An ex-vivo pharmacodynamic study comparing bactericidal activity of amoxicillin/sulbactam, azithromycin, doxycycline and levofloxacin against Streptococcus pneumoniae.

We designed a 4-way crossover, ex-vivo pharmacodynamic study to compare the bactericidal rate of amoxicillin/sulbactam (AMX-SUL), azithromycin (AZM), doxycycline (DOX) and levofloxacin (LVX) against Streptococcus pneumoniae ATCC 49619. Six volunteers were randomized to receive alternatively a single tablet of the above drugs. Venous blood samples were obtained immediately before and at 2, 4 and 6 h after dose to perform time-kill studies and to determine antibiotic levels in serum.
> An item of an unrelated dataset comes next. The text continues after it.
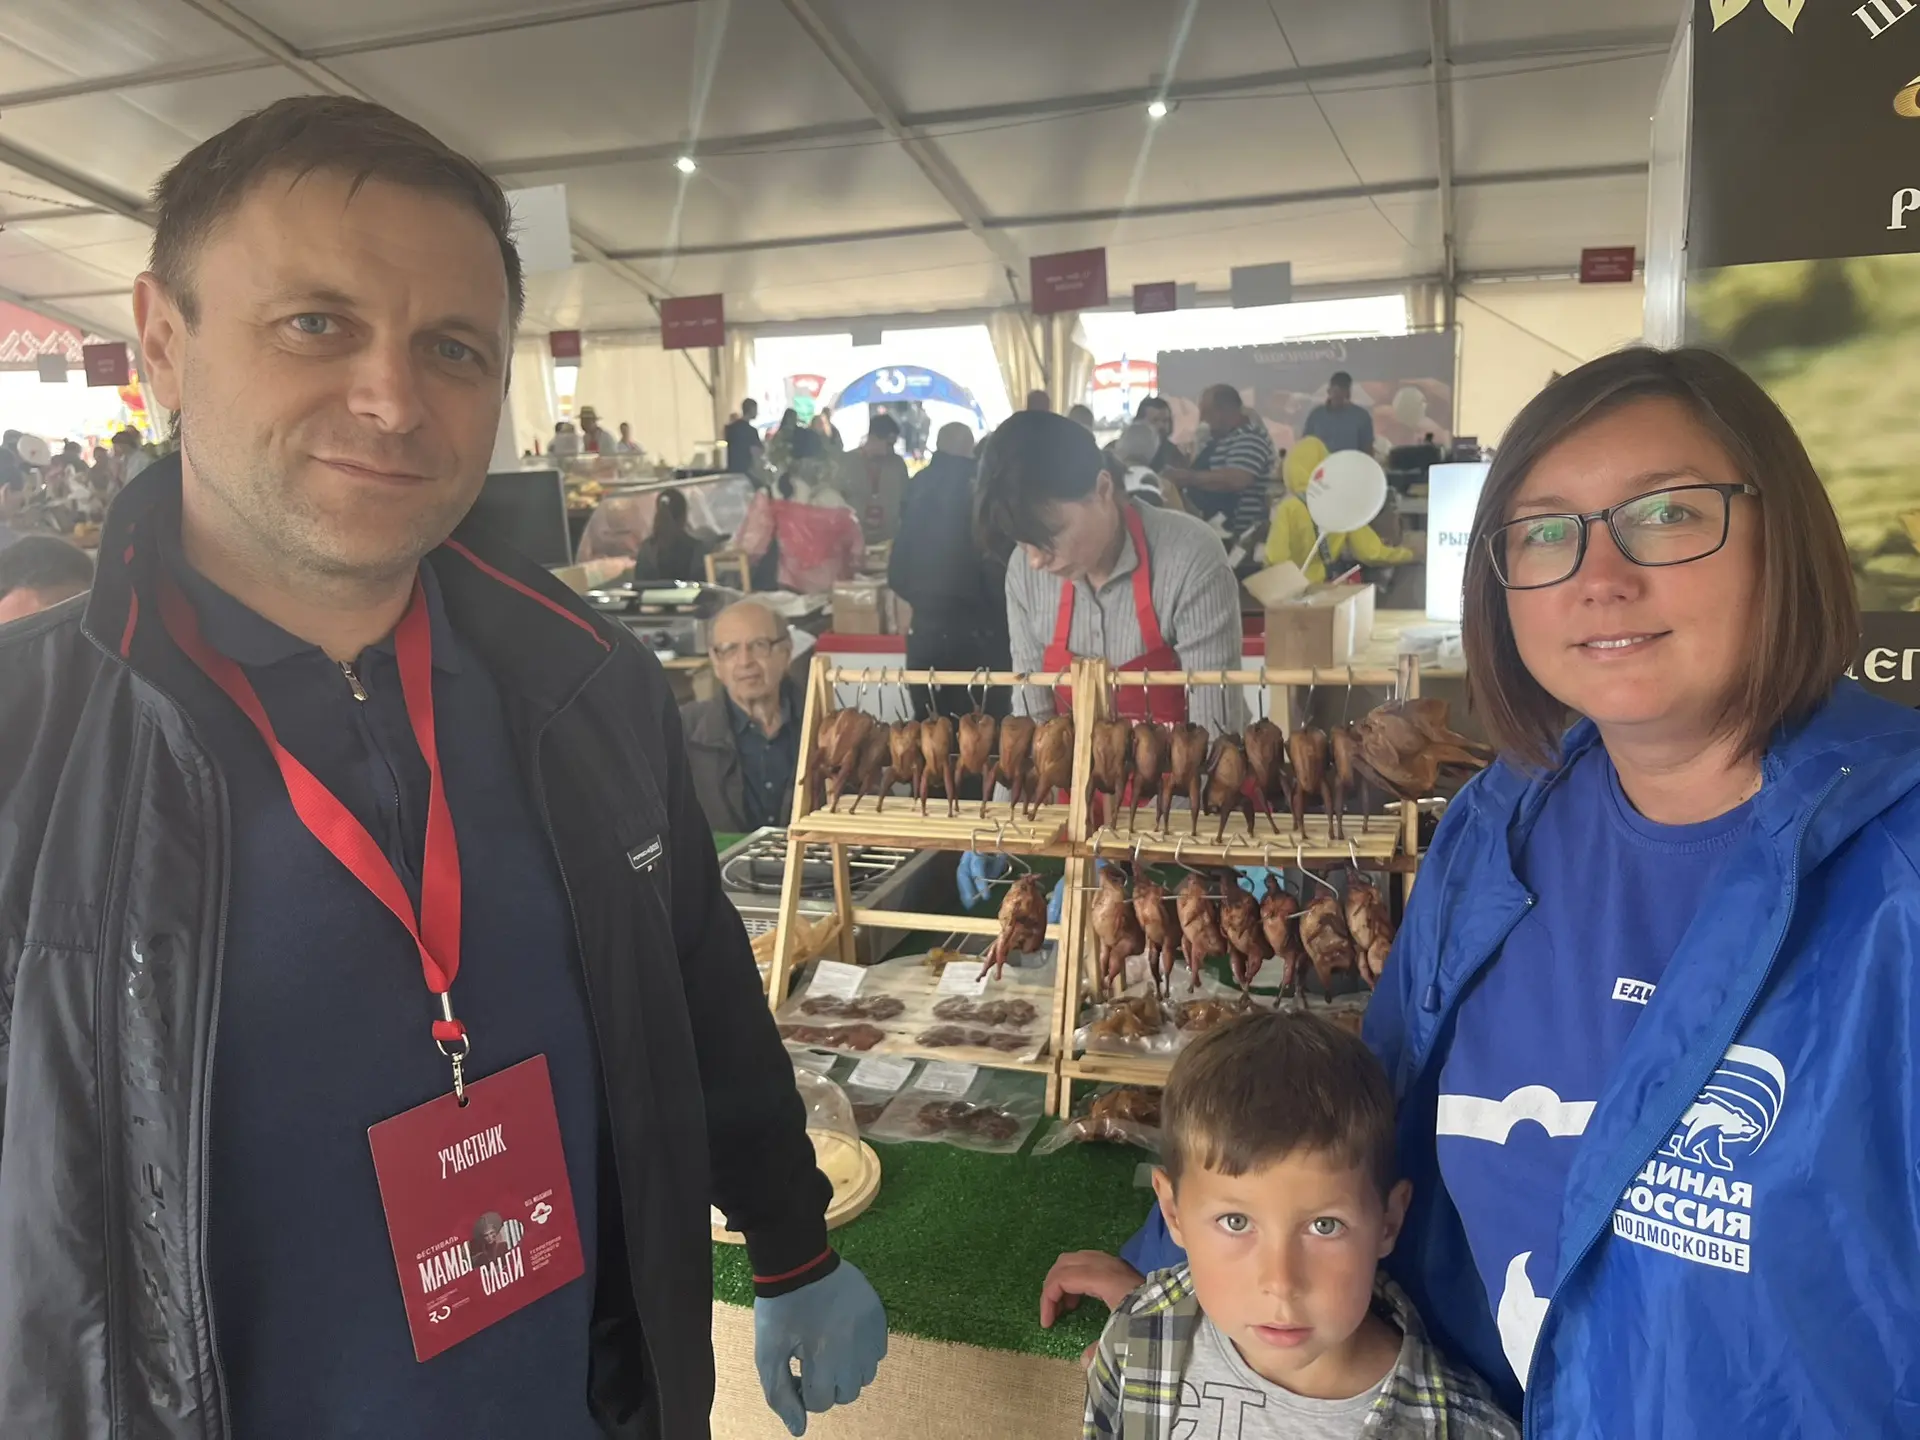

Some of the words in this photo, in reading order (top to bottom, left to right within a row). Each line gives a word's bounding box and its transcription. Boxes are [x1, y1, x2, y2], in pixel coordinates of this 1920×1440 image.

AMX-SUL was the only drug showing bactericidal activity with the sera obtained at every time after dose, as defined by a > or = 3-log10 cfu/ml decrease in the viable cell counts compared to the original inoculum after a 24-h incubation. AZM was only inhibitory at 2h after dose (i.e. a 1.3-log10 cfu/ml decrease in the viable cell counts) and proved bactericidal at 4 and 6 h post-dose. LVX proved bactericidal with the 2-h serum, was only inhibitory with the 4-h serum (e.g. a 1.5-log10 cfu/ml decrease) and was unable to avoid bacterial growth at 6 h post-dose. Bacterial growth was observed with DOX at every time after dose. This study may shed light on the understanding of breakthrough pneumococcal bacteremia during the course of oral therapy with AZM in patients with community-acquired nia (CAP), as well as the increasing treatment failures observed with LVX, and the selection of bacterial resistance during therapy reported with both drugs. It also provides the basis for a "warning signal" on the use of oral DOX and confirms the efficacy of AMX-SUL.